Helium comes with its own RAG pipeline. This allows you to add files with `@` prefix to the file path to your file. Then you can ask anything about that file.

Currently it is good enough to answer what is inside it, summarize it, and other basic questions. Later I intend to deepen the understanding of the file using local embeddings.

This is an **optional** feature. Look into `rag_service` directory for more detail.

## Run The Assistant

> Note: Only TEXT mode is ready for use.

1. Confirm the LLM service is running.
2. Confirm your web services are running if you want better results.
3. Start Helium:

   ```bash
   python main.py --mode text
   ```

4. Wait for:

Animation to load and welcome message to be shown.

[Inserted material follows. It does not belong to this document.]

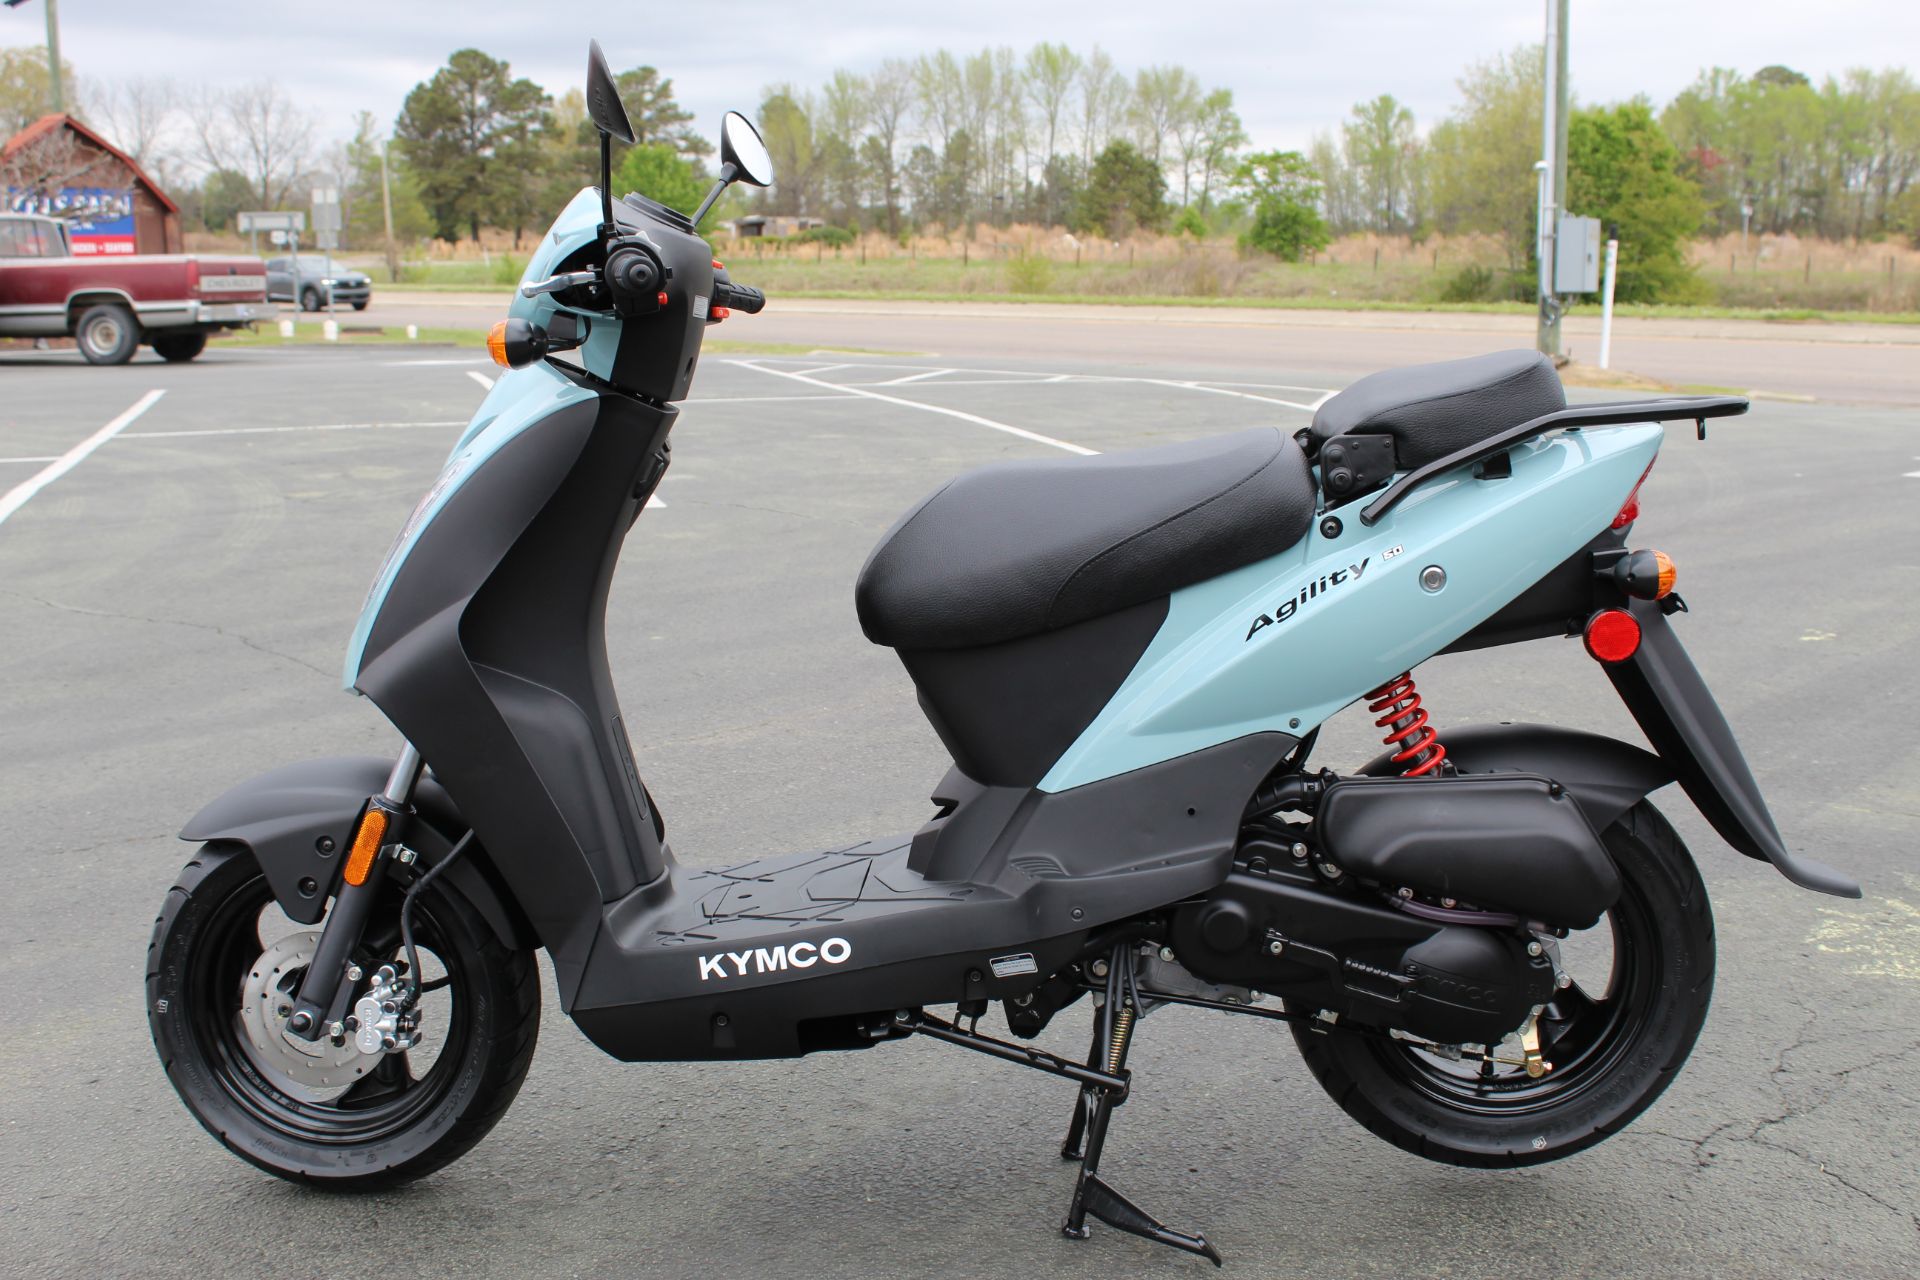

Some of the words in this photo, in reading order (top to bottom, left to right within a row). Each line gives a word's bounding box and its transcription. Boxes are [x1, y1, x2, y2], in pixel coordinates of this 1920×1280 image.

[206, 278, 261, 288] CHEVROLET
[1245, 557, 1370, 642] Agility
[698, 937, 852, 980] KYMCO

5. Type your query and enjoy Helium.

Example requests:

```text
What is the latest news on AI?
Remember that I prefer concise responses.
Create a file named hello.txt that says hi.
Open Safari.
Compare India and China GDP in 2025.
Why is the Indian Rupee falling recently?
Give me a report on the latest AI regulation changes in the EU.
```

RAG request example:

```text
@README.md what does this project do?
@docs/plan.pdf summarize the risks
```

## Run The Web UI

The web UI has two parts:

- FastAPI backend: WebSocket endpoint at `ws://localhost:8080/ws/chat`
- React/Vite frontend: browser chat interface under [`frontend/`](frontend/)

### Backend

```bash
uvicorn api.main:app --host 0.0.0.0 --port 8080
```

### Frontend

```bash
cd frontend
bun install
bun run dev
```

The frontend opens a WebSocket to port `8080`, so keep the API running while using the browser UI.

## Configuration

Most runtime behavior lives in [`config/settings.toml`](config/settings.toml):

- `services.llama_cpp_url`
- `wake_word.threshold`
- `wake_word.push_to_talk`
- `speech.whisper_model`
- `speech.timeout_seconds`
- `speech.follow_up_timeout_seconds`
- `assistant.tts_voice`
- `assistant.follow_up_mode`
- `assistant.confirm_risky_tools`
- `assistant.persona`

When a key is missing, Helium falls back to defaults in [`config/settings.py`](config/settings.py).

## Testing

Run the test suite from the repository root:

```bash
python -m unittest discover -s tests
```

For the frontend:

```bash
cd frontend
bun run lint
bun run build
```

## Troubleshooting

- **No wake detection:** Check microphone permissions, input device selection, and `wake_word.threshold`.
- **False wakes:** Increase `wake_word.threshold` or `wake_word.required_hits`.
- **No transcription:** Confirm `mlx-whisper`, microphone access, and PortAudio dependencies are working.
- **No LLM response:** Confirm the llama.cpp completion endpoint matches `services.llama_cpp_url`.
- **Search is weak or failing:** Start SearxNG or verify `services.searxng_url`; DDGS fallback may be less consistent.
- **Web UI cannot connect:** Make sure the FastAPI backend is running on port `8080`.
- **Tool call JSON errors:** Check terminal logs. [`utils/parser.py`](utils/parser.py) includes recovery logic, but malformed model output can still skip a tool step.